## WHAT THE TASK ASKS:
Your job is to return each record exactly, minus any pictures.
=== DATA LISTING ===
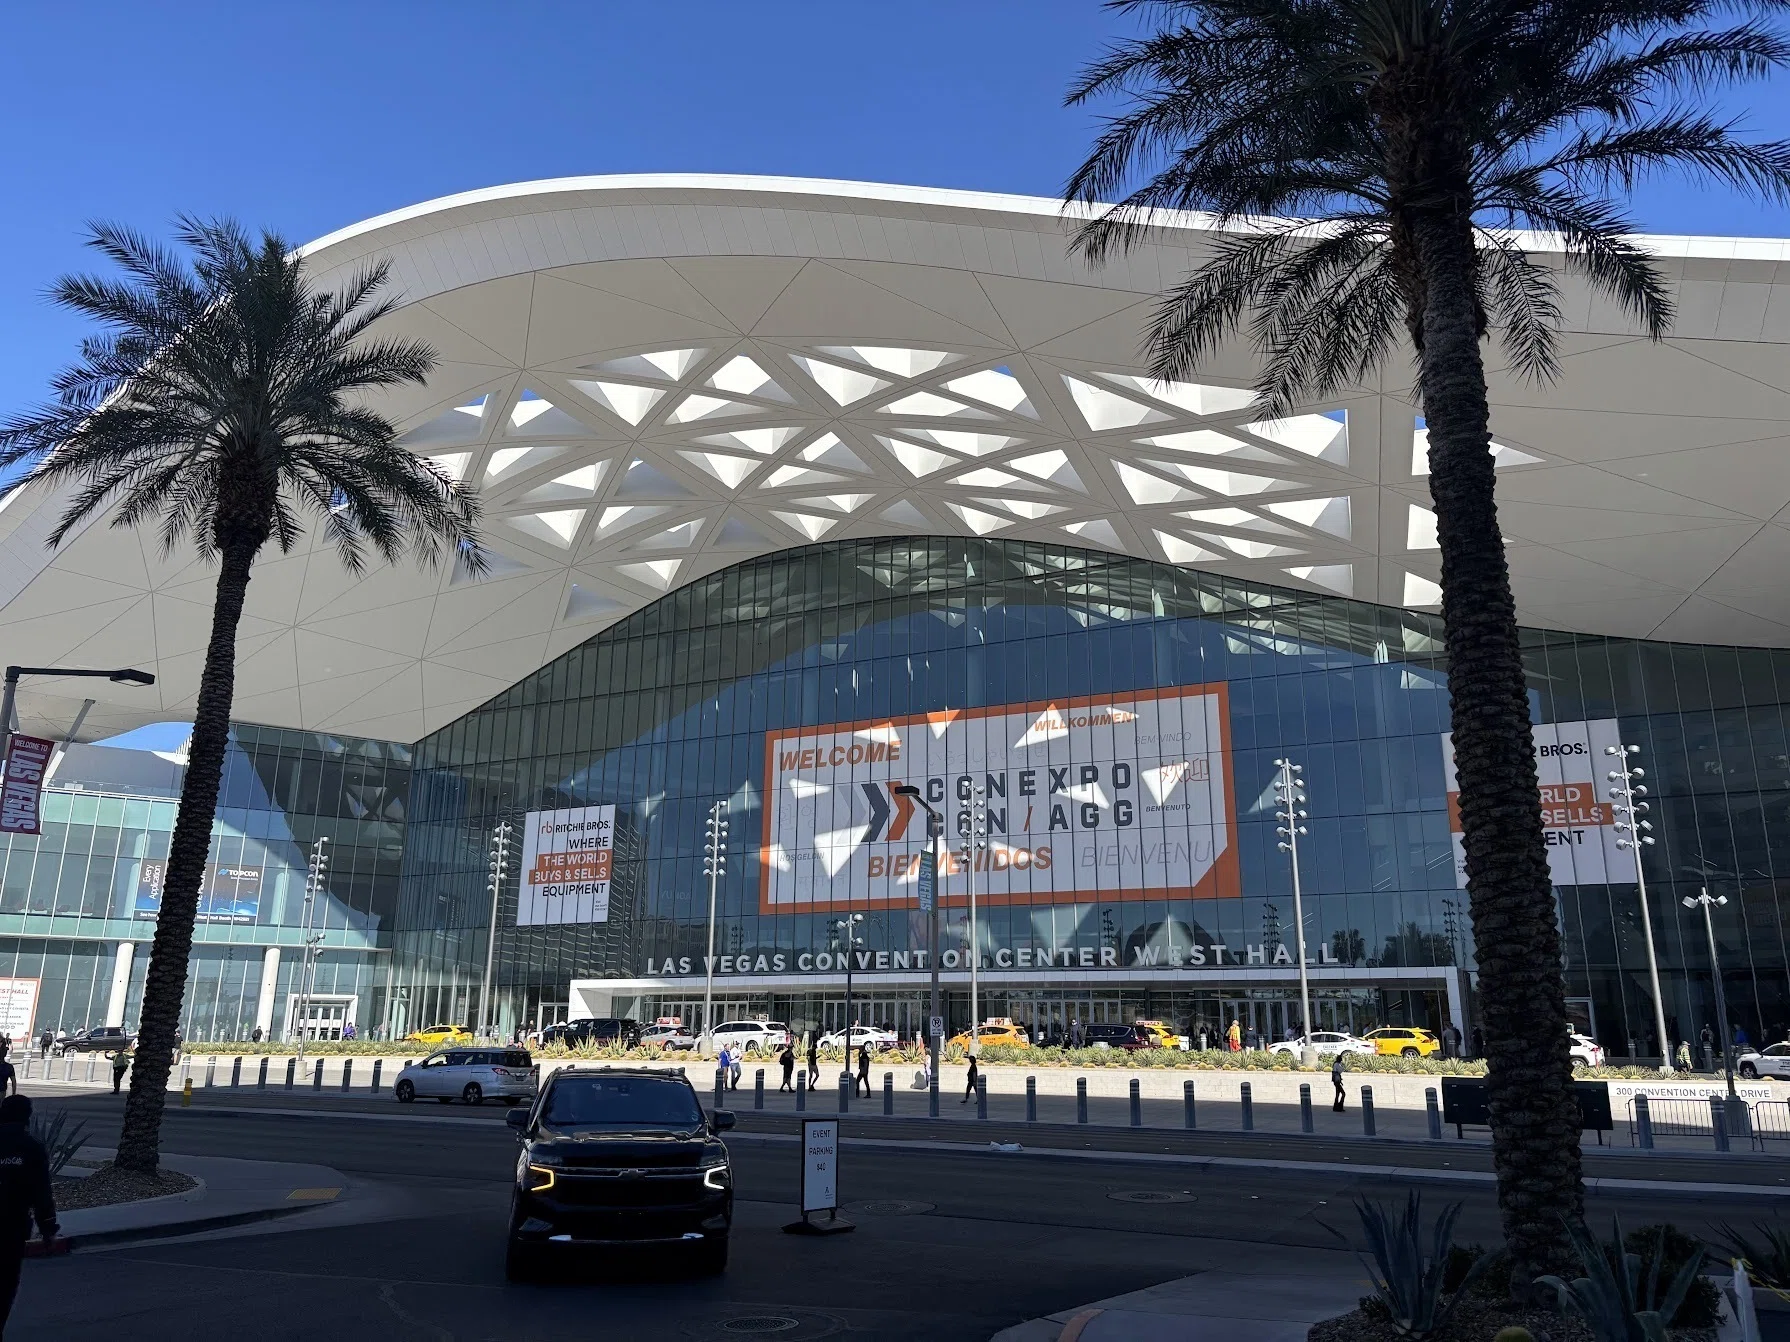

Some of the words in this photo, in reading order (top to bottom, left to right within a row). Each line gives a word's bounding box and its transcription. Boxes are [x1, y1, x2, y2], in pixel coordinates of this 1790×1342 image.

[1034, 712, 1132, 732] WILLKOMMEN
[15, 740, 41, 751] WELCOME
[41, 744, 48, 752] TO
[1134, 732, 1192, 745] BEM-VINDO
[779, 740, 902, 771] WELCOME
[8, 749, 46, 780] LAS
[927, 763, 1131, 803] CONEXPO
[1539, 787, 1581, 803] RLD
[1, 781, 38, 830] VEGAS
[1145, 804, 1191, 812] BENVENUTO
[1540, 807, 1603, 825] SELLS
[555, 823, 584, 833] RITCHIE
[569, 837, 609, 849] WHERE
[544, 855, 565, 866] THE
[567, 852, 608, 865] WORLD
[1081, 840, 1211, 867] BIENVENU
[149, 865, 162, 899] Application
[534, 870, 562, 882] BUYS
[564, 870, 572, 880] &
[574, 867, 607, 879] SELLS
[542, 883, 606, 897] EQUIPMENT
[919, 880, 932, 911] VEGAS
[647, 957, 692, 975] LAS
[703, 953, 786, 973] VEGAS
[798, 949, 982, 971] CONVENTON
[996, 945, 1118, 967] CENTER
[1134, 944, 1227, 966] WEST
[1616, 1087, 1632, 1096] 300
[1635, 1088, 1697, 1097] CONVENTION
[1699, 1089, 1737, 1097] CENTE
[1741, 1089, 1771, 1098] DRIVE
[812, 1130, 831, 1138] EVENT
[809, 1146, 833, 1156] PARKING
===
## SOLUTION BELOW:
Some of the words in this photo, in reading order (top to bottom, left to right within a row). Each line gives a word's bounding box and its transcription. Boxes are [x1, y1, x2, y2], in pixel coordinates of this 1790×1342 image.

[1034, 712, 1132, 732] WILLKOMMEN
[15, 740, 41, 751] WELCOME
[41, 744, 48, 752] TO
[1134, 732, 1192, 745] BEM-VINDO
[779, 740, 902, 771] WELCOME
[8, 749, 46, 780] LAS
[927, 763, 1131, 803] CONEXPO
[1539, 787, 1581, 803] RLD
[1, 781, 38, 830] VEGAS
[1145, 804, 1191, 812] BENVENUTO
[1540, 807, 1603, 825] SELLS
[555, 823, 584, 833] RITCHIE
[569, 837, 609, 849] WHERE
[544, 855, 565, 866] THE
[567, 852, 608, 865] WORLD
[1081, 840, 1211, 867] BIENVENU
[149, 865, 162, 899] Application
[534, 870, 562, 882] BUYS
[564, 870, 572, 880] &
[574, 867, 607, 879] SELLS
[542, 883, 606, 897] EQUIPMENT
[919, 880, 932, 911] VEGAS
[647, 957, 692, 975] LAS
[703, 953, 786, 973] VEGAS
[798, 949, 982, 971] CONVENTON
[996, 945, 1118, 967] CENTER
[1134, 944, 1227, 966] WEST
[1616, 1087, 1632, 1096] 300
[1635, 1088, 1697, 1097] CONVENTION
[1699, 1089, 1737, 1097] CENTE
[1741, 1089, 1771, 1098] DRIVE
[812, 1130, 831, 1138] EVENT
[809, 1146, 833, 1156] PARKING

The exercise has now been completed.